Which branch of science has the worst trouble with names? You might think it’s physics, which has bestowed whimsical-sounding names like quarks, neutrinos, selectrons and bosons on the most elemental constituents of nature. But in astronomy the confusion can be, well, cosmic.
Where would we be without the North Star, also known as Polaris, Alpha Ursae Minoris, HD 8890 and a host of other names including (in Inuit) Niiqirtsuituq? The stars are our oldest promise of order in the universe and the most profound symbols of our possible destiny.
But only a relative handful of the billions of twinkling lights in the sky have names, misspelled and mistranslated as they have been handed down through the ages in a variety of cultures, recognisable to the average adult who probably lives in a city and can’t see many of the stars anyway. Still, more stars have designations using Greek letters to rank them by brightness within their constellations, but constellations have arbitrary and shifting boundaries, and are culture-specific anyway. All stars do have numbers. In fact, many have more than one number, corresponding to their listings in the voluminous catalogues that have been compiled over the century by astronomers.
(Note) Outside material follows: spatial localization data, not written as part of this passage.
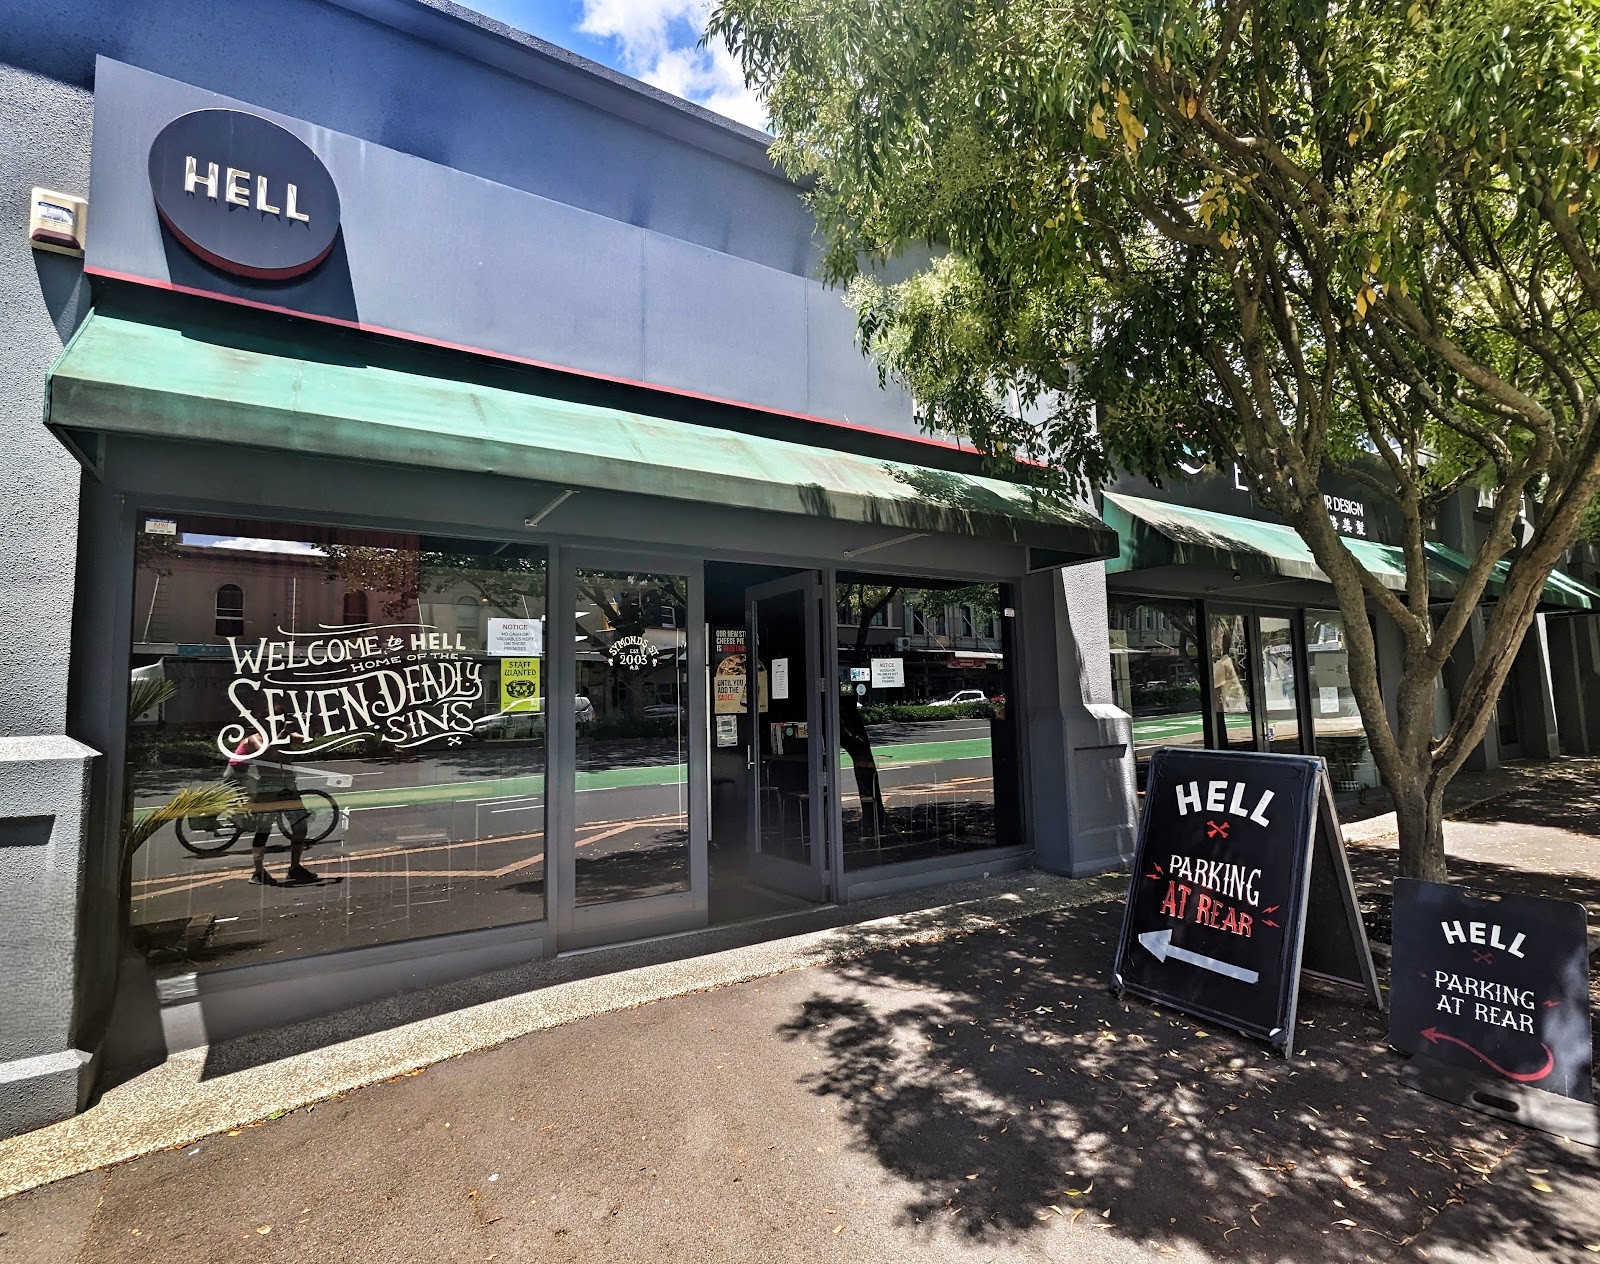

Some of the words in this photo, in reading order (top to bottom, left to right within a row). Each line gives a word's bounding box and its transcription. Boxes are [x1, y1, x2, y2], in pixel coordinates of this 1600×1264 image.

[184, 156, 310, 222] HELL
[1333, 496, 1364, 517] DESIGN
[226, 635, 382, 676] WELCOME
[386, 634, 405, 650] to
[410, 632, 467, 651] HELL
[608, 635, 649, 656] SYMONDS
[648, 645, 660, 656] ST
[619, 654, 648, 665] 2003
[716, 637, 736, 645] CHEESE
[351, 656, 402, 673] HOME
[407, 653, 428, 661] OF
[431, 652, 459, 660] THE
[504, 669, 537, 677] WANTED
[217, 678, 376, 760] SEVEN
[371, 661, 483, 717] DEADLY
[381, 701, 475, 743] SINS
[1175, 780, 1275, 828] HELL
[1169, 854, 1262, 907] PARKING
[1160, 880, 1192, 919] AT
[1195, 893, 1254, 938] REAR
[1441, 920, 1527, 959] HELL
[1434, 970, 1535, 1010] PARKING
[1436, 994, 1465, 1016] AT
[1474, 1003, 1535, 1035] REAR
The PPMXL catalogue, combining data from the United States Naval Observatory and the University of Massachusetts, USA lists the positions and motions of some 900 million stars. This makes for awkward moments when modern astrophysics vaults one of these previously anonymous stars into the limelight, because it is exploding weirdly or turns out to harbour possibly habitable planets. Such dramatic destinations as HR 8799, HD 85512 and Gliese 581 don’t exactly trip off the tongue.
The first set
Now, however, the International Astronomical Union (IAU), an organisation of stargazers, is coming to the rescue. In November, it published what it calls “the first set” of approved names for 227 stars. The IAU has traditionally concerned itself with policing the names of asteroids, craters and comets, and famously demoting Pluto from full-planet status 10 years ago. It is also worth reminding readers here that the IAU’s hegemony is absolute and cosmic; no amount of money donated to a registry or anywhere else will get your name officially on a star. Nevermind the engraved certificate that comes along with it.
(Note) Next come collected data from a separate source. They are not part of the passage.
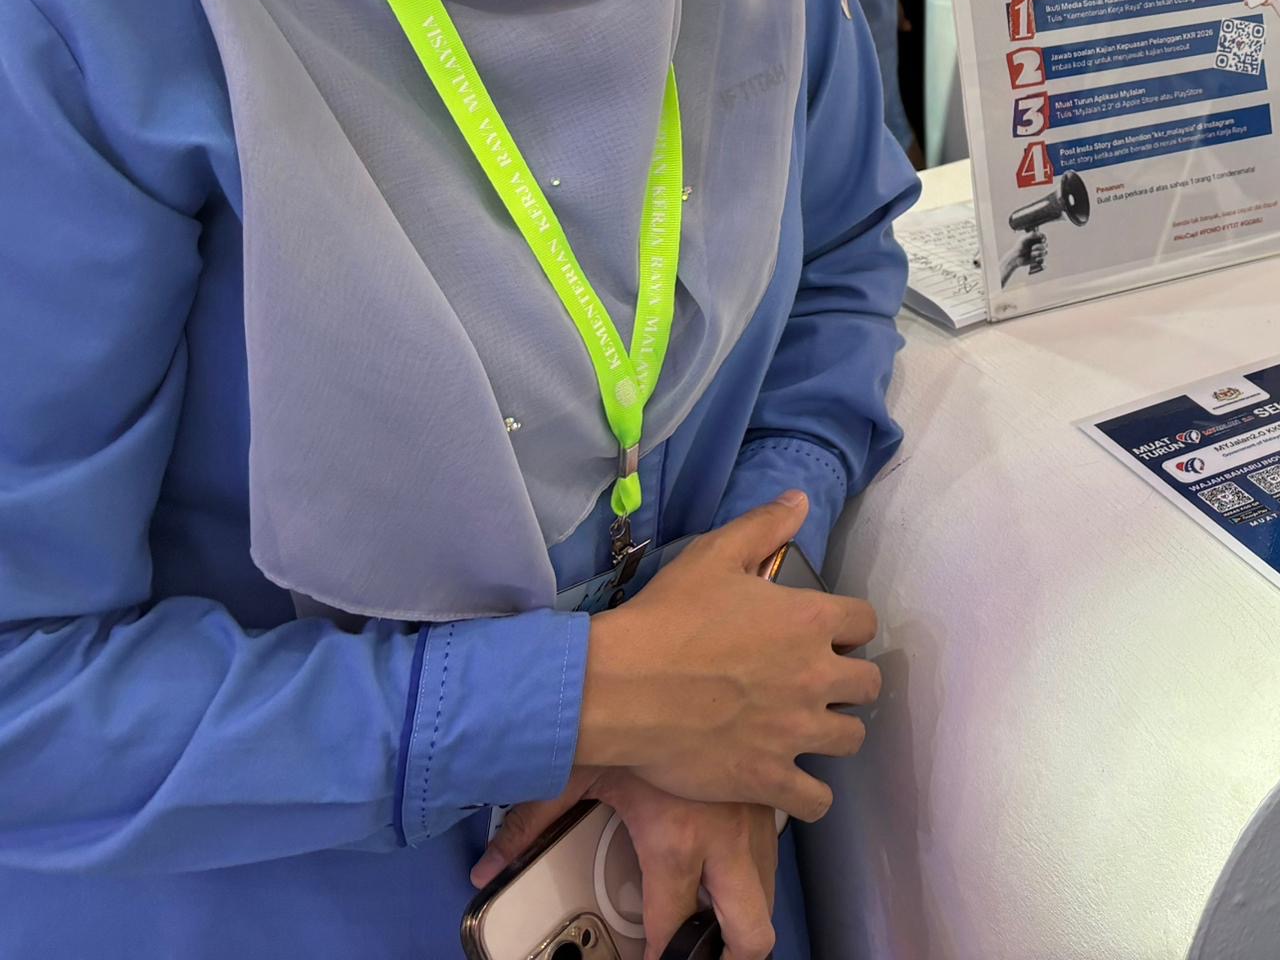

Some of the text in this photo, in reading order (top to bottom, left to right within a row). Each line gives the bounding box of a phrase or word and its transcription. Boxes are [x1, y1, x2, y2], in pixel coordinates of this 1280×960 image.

[1012, 49, 1043, 85] 2
[1016, 96, 1046, 136] 3
[1022, 143, 1051, 185] 4
[420, 14, 622, 371] KEMENTERIAN KERJA RAYA MALAYSIA
[652, 185, 670, 248] KERJA
[649, 256, 664, 306] RAYA
[1132, 436, 1173, 456] MUAT
[1138, 441, 1186, 462] TURUN
[1188, 475, 1226, 493] WAJAH
[1224, 461, 1262, 481] BAHARU
[1249, 513, 1279, 527] MUAT
The problem of star names came up in 2015 when the astronomical union ran a contest to name some of the new planets that were being discovered in droves around other stars by NASA’s Kepler spacecraft and ground-based astronomers. The game included names for the stars around which those new worlds were orbiting. It turned out that some already had names, albeit not ones that were well known, even to the professionals: Edasich, for example, an orange star in Draco, the Dragon, whose name derives from an Arabic term for “male hyena.” Or Ain,
Arabic for “eye,” an orange giant star in Taurus, the bull.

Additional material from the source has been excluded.